The most colorful theory, perhaps, was that held by two elderly ladies, both old buffs of elevator travel, whom Ramsey had happened to overhear on two or three occasions. The cornerstone of their theory was that all the building’s troubles were caused by its younger tenants and the teenage sons and daughters of tenants. “Mrs. Clancy told me,” one of them had whispered loudly once, “that they know a way of stopping the thing between floors so they can smooch together and shoot dope and do all sorts of other nasty things—even, if you can believe, go the whole way with each other.” Ryker had been amused; it gave the cage a certain erotic aura.

And every once in a while the elevator did get stuck between floors, sometimes with people in it and sometimes not, especially between the twelfth and fourteenth floors, Clancy had once told him, “like it was trying to stop at the thirteenth!”
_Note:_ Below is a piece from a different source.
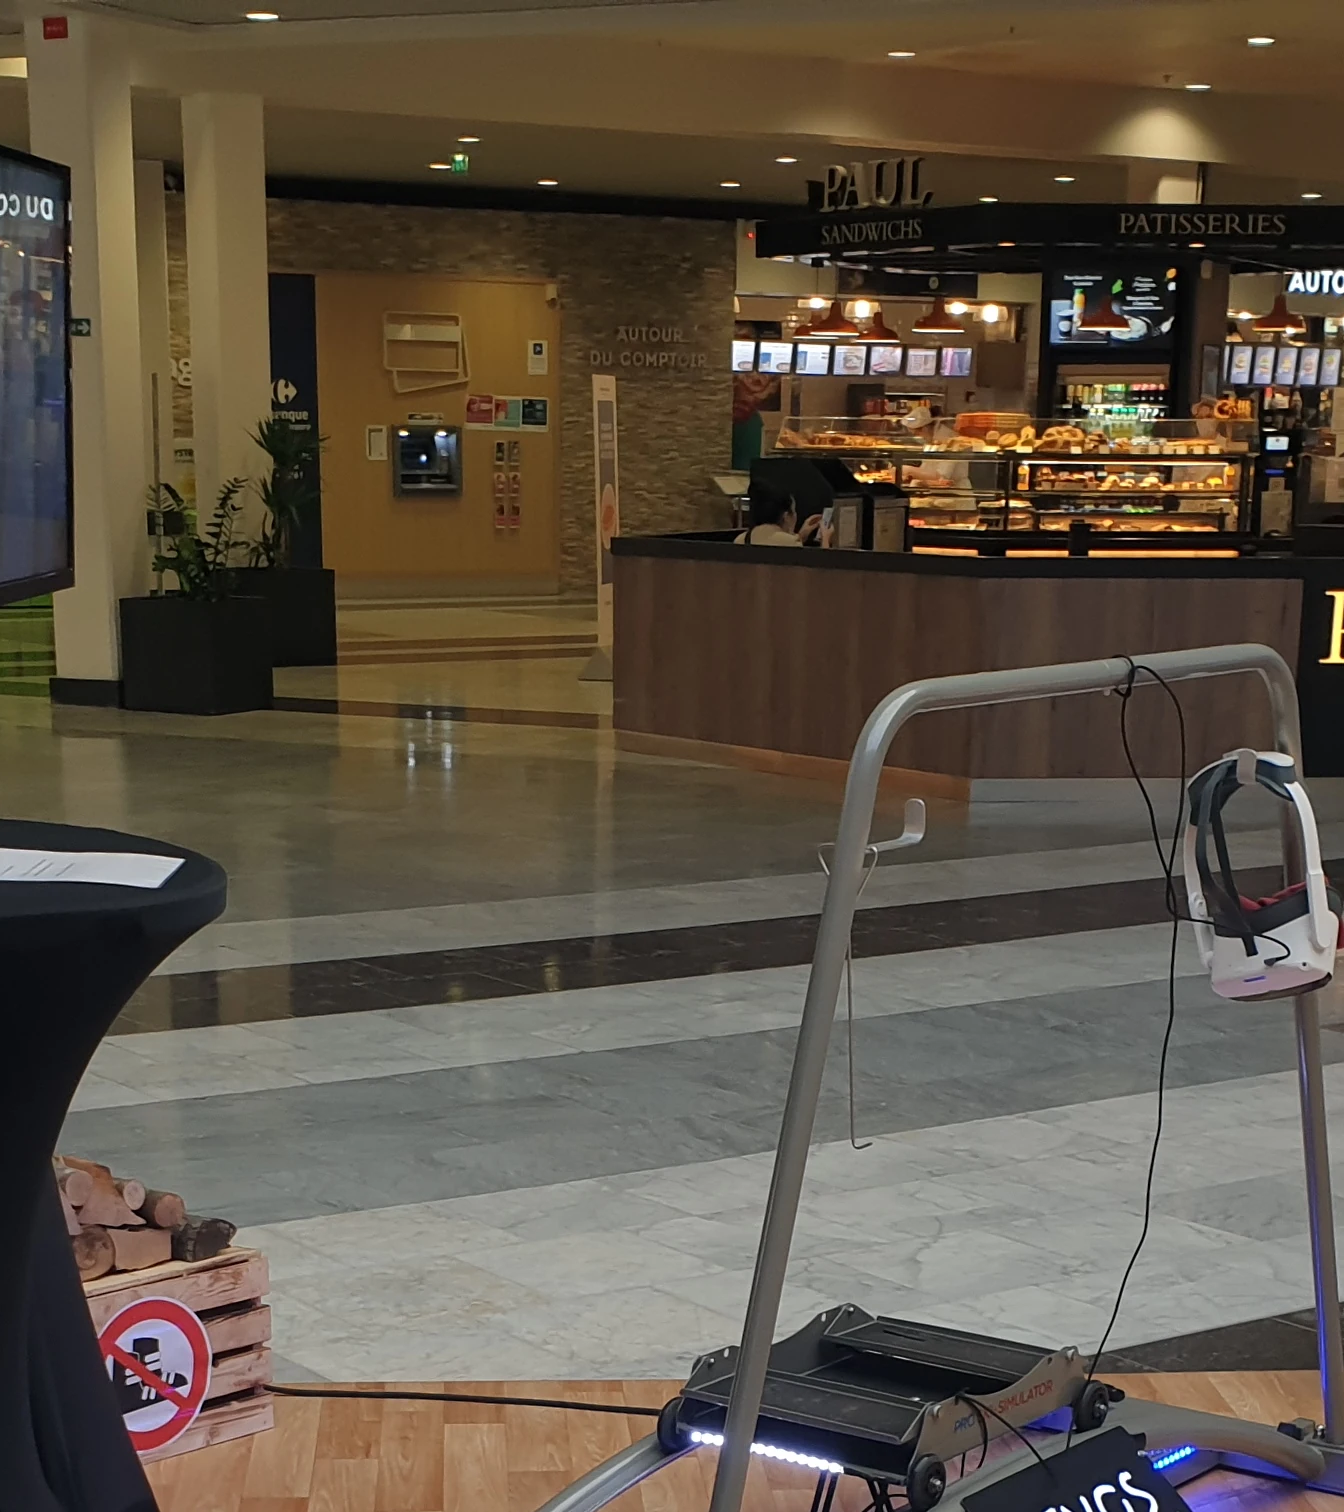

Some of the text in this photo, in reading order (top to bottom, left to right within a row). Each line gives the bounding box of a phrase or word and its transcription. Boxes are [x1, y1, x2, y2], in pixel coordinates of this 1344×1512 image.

But now the elevator’s vagaries weren’t all that amusing to Ramsey standing alone on the top floor, so after one more session of pettish button-pushing—the telltale had gone briefly black, but evidently someone else had beat him to the punch—he decided to “walk down for exercise,” something he’d actually done intentionally upon occasion.

As he descended the apartment tree (he thought of himself as an old squirrel sedately scampering zigzag down the barky outside of the trunk the elevator shaft made), he found himself wondering how the elevator could be so busy when all the corridors were so silent and empty. (But maybe things were happening just before his footstep-heralded arrivals and after his departures—they heard him coming and hid themselves until he was by. Or maybe there was some sort of basement crisis.) The floors were all the same, or almost so: the two long corridors ending in doors of wire-reinforced glass which led to the front and alley fire escapes; these were also lit midway by frosted glass spheres like full moons hanging in space; in either wall beside these handsome globes were set two narrow full-length mirrors in which you could see yourself paced along by two companions.